What is being asked:
Your reply should reproduce each entry exactly and contain no pictures.

(Working data Opens)

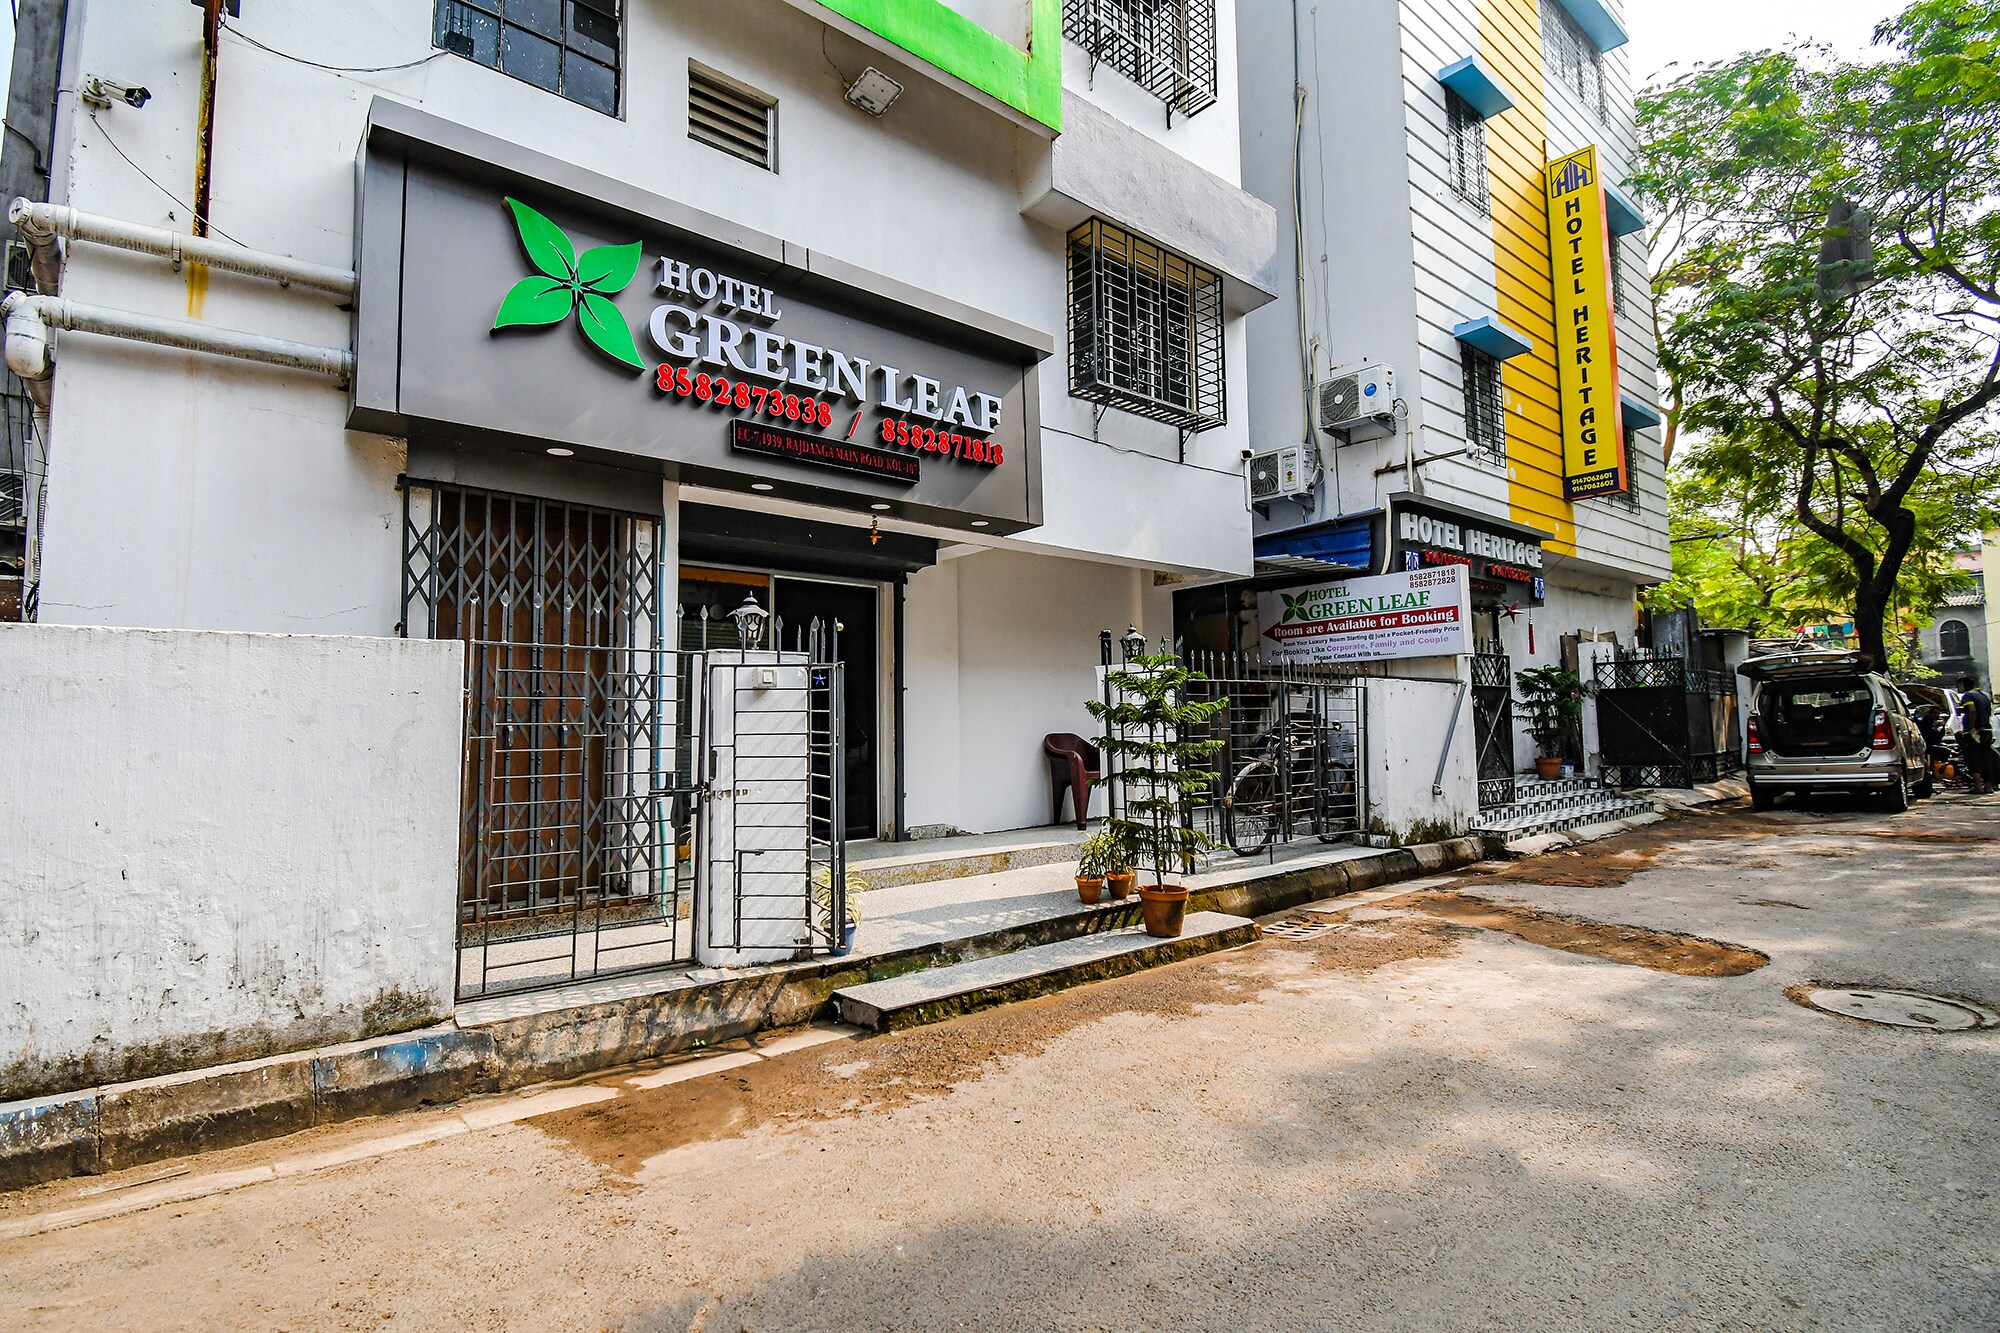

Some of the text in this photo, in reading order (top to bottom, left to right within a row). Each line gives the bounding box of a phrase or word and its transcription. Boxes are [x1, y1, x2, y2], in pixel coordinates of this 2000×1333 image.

[658, 255, 782, 321] HOTEL
[1565, 197, 1597, 467] HOTEL HERITAGE
[648, 303, 1003, 434] GREEN LEAF
[656, 362, 1004, 466] 8582873838 / 8582871818
[786, 437, 834, 458] RAJDANGA
[836, 447, 859, 464] MAIN
[1571, 472, 1613, 486] 9147062601
[1571, 480, 1614, 493] 9147062602
[1400, 512, 1464, 551] HOTEL
[1465, 529, 1543, 569] HERITAGE
[1409, 568, 1456, 581] 8582871818
[1409, 576, 1456, 588] 8582872828
[1308, 586, 1350, 601] HOTEL
[1308, 590, 1431, 619] GREEN LEAF
[1274, 609, 1455, 637] Room are Available for Booking
[1391, 627, 1443, 637] Pocket-Friendly
[1284, 647, 1310, 656] Booking
[1311, 645, 1325, 653] Like
[1326, 643, 1368, 652] Corporate,
[1370, 640, 1397, 649] Family
[1399, 638, 1415, 646] and
[1417, 636, 1449, 644] Couple
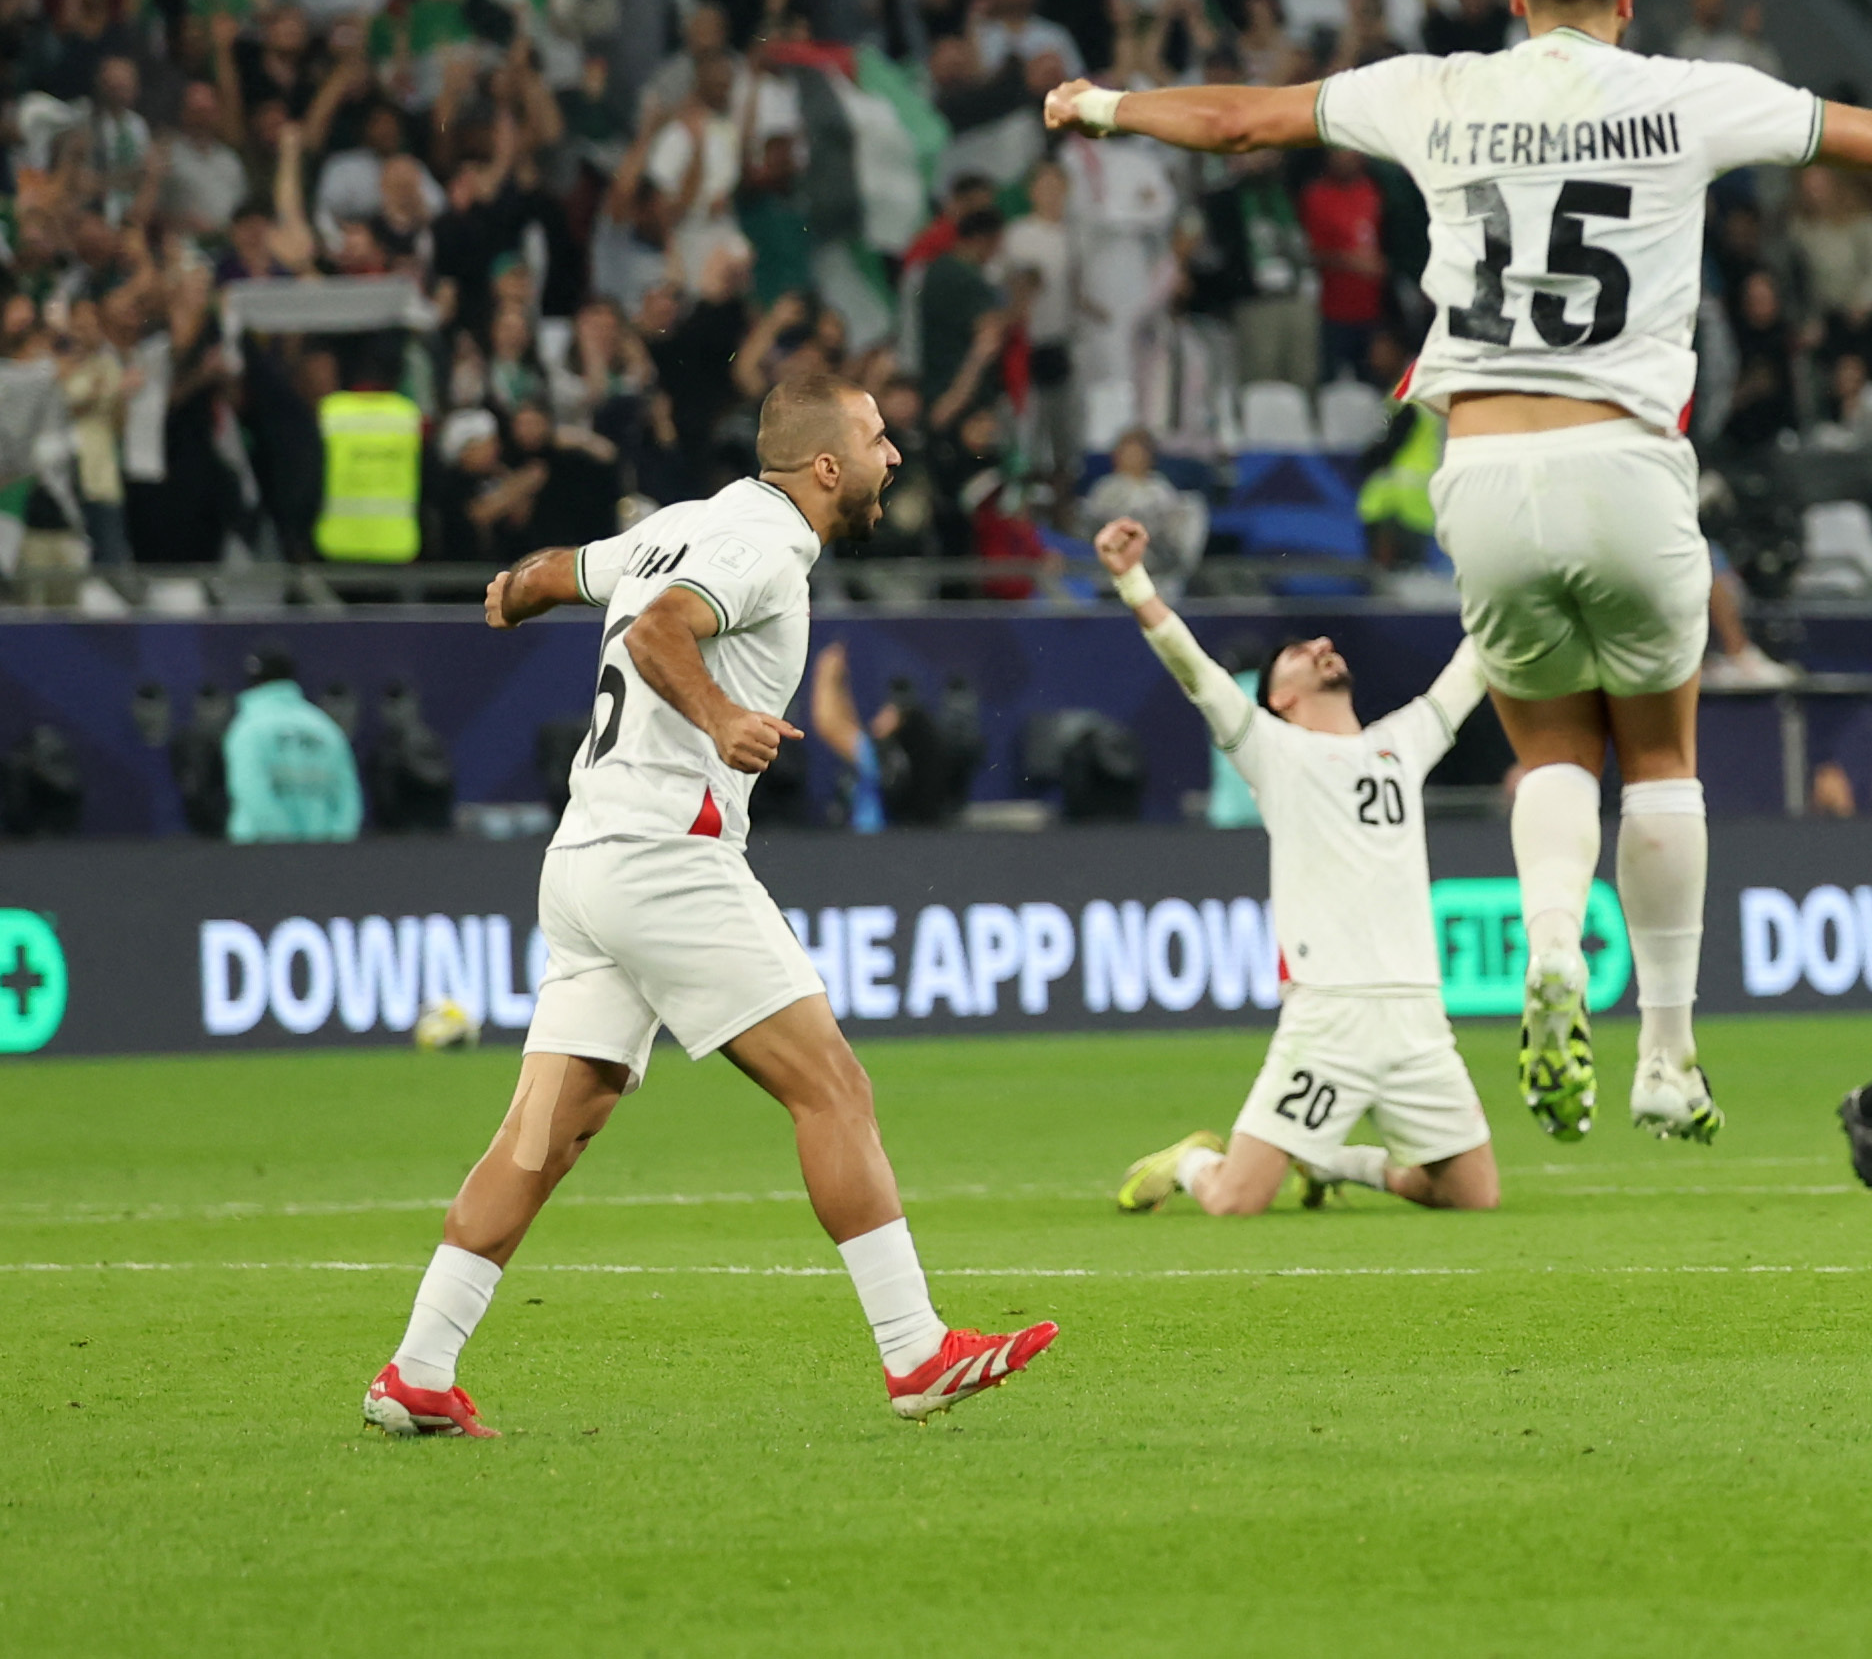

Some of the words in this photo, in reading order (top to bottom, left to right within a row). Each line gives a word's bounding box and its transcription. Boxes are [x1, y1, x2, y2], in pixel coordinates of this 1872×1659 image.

[1448, 179, 1633, 348] 15
[1355, 776, 1404, 825] 20
[201, 914, 547, 1035] DOWNL
[783, 905, 899, 1019] HE
[906, 901, 1075, 1017] APP
[1081, 896, 1281, 1013] NOW
[1276, 1070, 1337, 1131] 20

(Working data Closes)

Answer to this problem:
Some of the text in this photo, in reading order (top to bottom, left to right within a row). Each line gives the bounding box of a phrase or word and its transcription. Boxes are [x1, y1, x2, y2], in pixel coordinates of this 2000×1333 image.

[658, 255, 782, 321] HOTEL
[1565, 197, 1597, 467] HOTEL HERITAGE
[648, 303, 1003, 434] GREEN LEAF
[656, 362, 1004, 466] 8582873838 / 8582871818
[786, 437, 834, 458] RAJDANGA
[836, 447, 859, 464] MAIN
[1571, 472, 1613, 486] 9147062601
[1571, 480, 1614, 493] 9147062602
[1400, 512, 1464, 551] HOTEL
[1465, 529, 1543, 569] HERITAGE
[1409, 568, 1456, 581] 8582871818
[1409, 576, 1456, 588] 8582872828
[1308, 586, 1350, 601] HOTEL
[1308, 590, 1431, 619] GREEN LEAF
[1274, 609, 1455, 637] Room are Available for Booking
[1391, 627, 1443, 637] Pocket-Friendly
[1284, 647, 1310, 656] Booking
[1311, 645, 1325, 653] Like
[1326, 643, 1368, 652] Corporate,
[1370, 640, 1397, 649] Family
[1399, 638, 1415, 646] and
[1417, 636, 1449, 644] Couple

Some of the words in this photo, in reading order (top to bottom, left to right within a row). Each line gives a word's bounding box and its transcription. Boxes are [x1, y1, x2, y2], in pixel coordinates of this 1872×1659 image.

[1448, 179, 1633, 348] 15
[1355, 776, 1404, 825] 20
[201, 914, 547, 1035] DOWNL
[783, 905, 899, 1019] HE
[906, 901, 1075, 1017] APP
[1081, 896, 1281, 1013] NOW
[1276, 1070, 1337, 1131] 20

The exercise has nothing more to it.